= Beginning of Section =
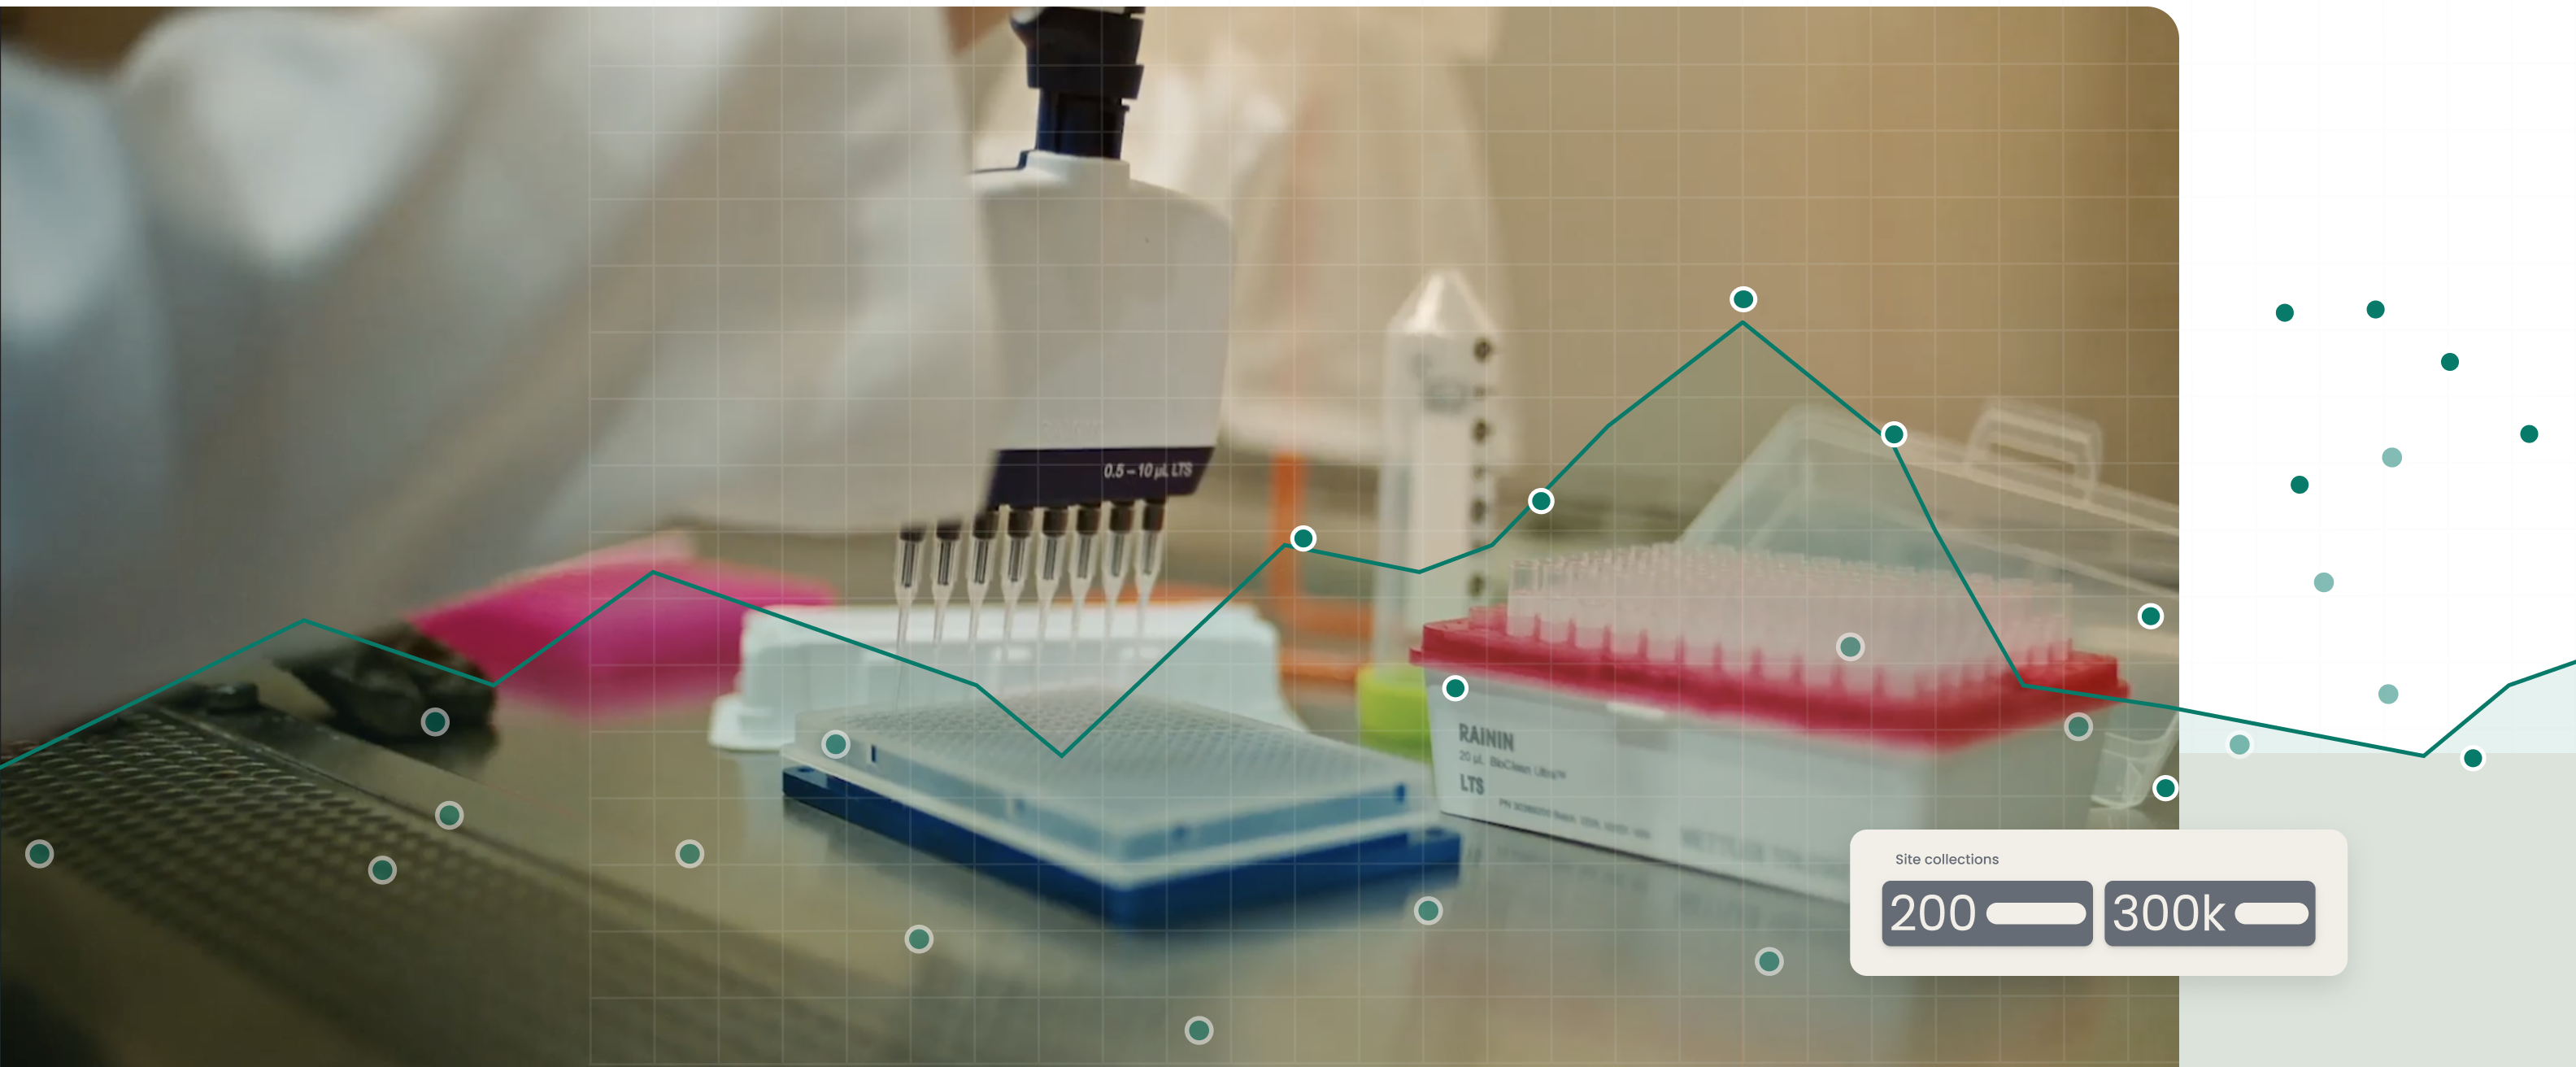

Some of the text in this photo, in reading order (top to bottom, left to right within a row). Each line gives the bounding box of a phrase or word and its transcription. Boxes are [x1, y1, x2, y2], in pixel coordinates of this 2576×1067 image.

[1103, 463, 1125, 478] 0.5
[1138, 463, 1152, 478] 10
[1171, 462, 1193, 477] LTS
[1460, 750, 1471, 761] 20
[1460, 773, 1485, 795] LTS
= End of Section =
**YOUR OBJECTIVE**
Every entry above needs to be retyped exactly; drop the pictures.

**RESPONSE TO THIS TASK**
Some of the text in this photo, in reading order (top to bottom, left to right within a row). Each line gives the bounding box of a phrase or word and its transcription. Boxes are [x1, y1, x2, y2], in pixel coordinates of this 2576×1067 image.

[1103, 463, 1125, 478] 0.5
[1138, 463, 1152, 478] 10
[1171, 462, 1193, 477] LTS
[1460, 750, 1471, 761] 20
[1460, 773, 1485, 795] LTS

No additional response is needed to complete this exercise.